I don’t believe in a ‘one size fits all’ in preparing our young Americans to become vibrant elements in our economy. The community colleges, military, trade apprenticeship & technical colleges are just fine for many, as they grow. And we, as Americans should consider funding these ‘alternatives.’ My concern is in the tone, in superposition, with a modern day Republican penchant for ‘know nothingness.’ A trend that is so alarming, that Bully O’Brien’s assertion can be plausibly viewed as a giant scoff, ”You don’t need no stinkin’ college!” Like it is so much, quiche.

Add in the constant whining about how higher education is a bastion of liberal group think by overwhelmed conservatives and you'll find a crumb trail pointing towards mass ignorance. (The Southern faith based folks will have no problemo with kids not learning the teachings of that Darwin heretic.)

This is a dangerous trend.

nealcroz said...

You lost validity by pointing to a politician of any stripe. Politicians are by their very nature out of touch ideologues and elitists who are convinced that everything they say is anointed word from on high. OBrien is no better or no worse than his Democratic predecessor....and will not be any better in whoever pays their way into the job down the road.

The issues are real.....but the solutions aren't. As I said, its about rewarding things...and you get more of what you reward. It would be incredibly interesting to know the political affiliations of the top 20 university presidents and the top 100 corporation CEO's. They are the ones who "fight to continue the dream."

I agree with the statement Obrien makes. College isn't for everyone....and shouldn't be. It is a waste of resources and encourages the "teaching" of subject matter than has little to do with anything practical.
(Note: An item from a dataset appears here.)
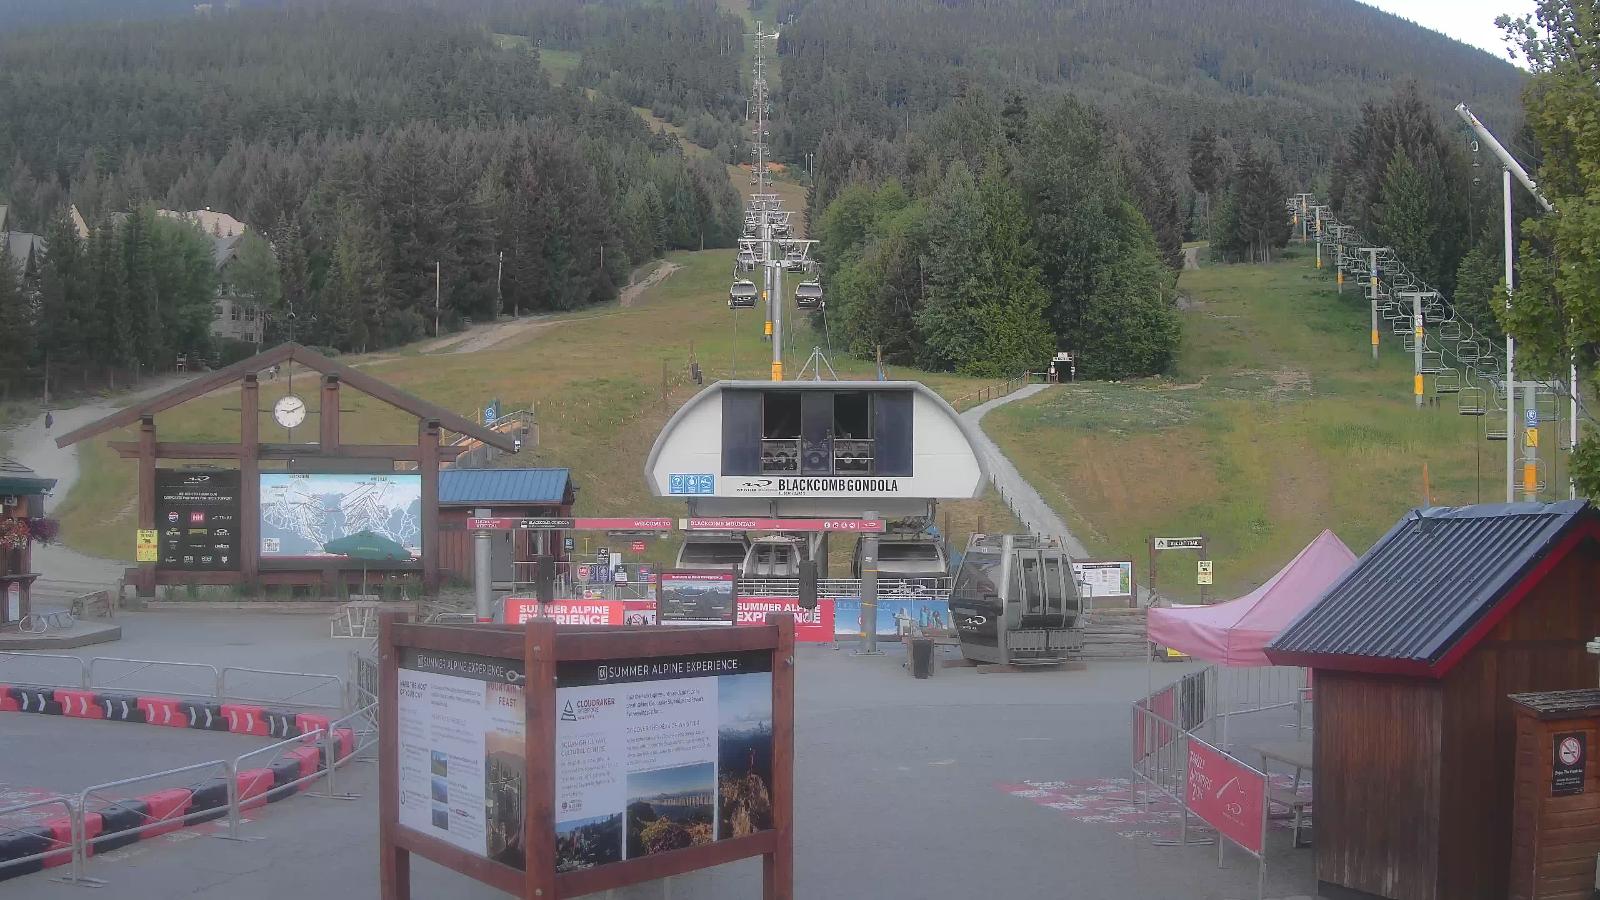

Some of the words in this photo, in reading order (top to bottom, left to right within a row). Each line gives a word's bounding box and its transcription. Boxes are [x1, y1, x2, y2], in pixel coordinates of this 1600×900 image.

The most useless degree and most massive waste of money in America is the liberal arts degree.

As one who has taught at the university level, I can assure you that what was once principled and ultimately useful has been dumbed down today to make it more "marketable" and "understandable" such that even the technical degrees are of marginal utility in the real world.

Jack Mitchell said...

"The most useless degree and most massive waste of money in America is the liberal arts degree."

How "1984." Let's make human widgets!

C R Krieger said...

Actually, I thought the most useless, after an MBA from that college in the south end of the County, was a marketing degrees, at least based on the number of waitstaff I have encountered with said degree.

Jack is correct about the idea that we all could benefit from some liberal arts classes—English, history, sociology, philosophy, economics (but not too much sociology).

The NH speaker is on to something, but his articulation and execution leave a lot to be desired.  The cost of education has gone up much faster than the general rate of inflation.  Actual teaching folks make up only half the staff, an unfortunate ratio.  Only the Army has a worse tooth to tail ratio.

Cutting the education budget without a plan is bad government.  Mr O'Brien seems to think that thinking is someone else's job.

We do need to put more value on skills that are more manual, more "hands on" so to speak.  But, your average plumber would benefit from a literature course or a history course, just like the rest of us.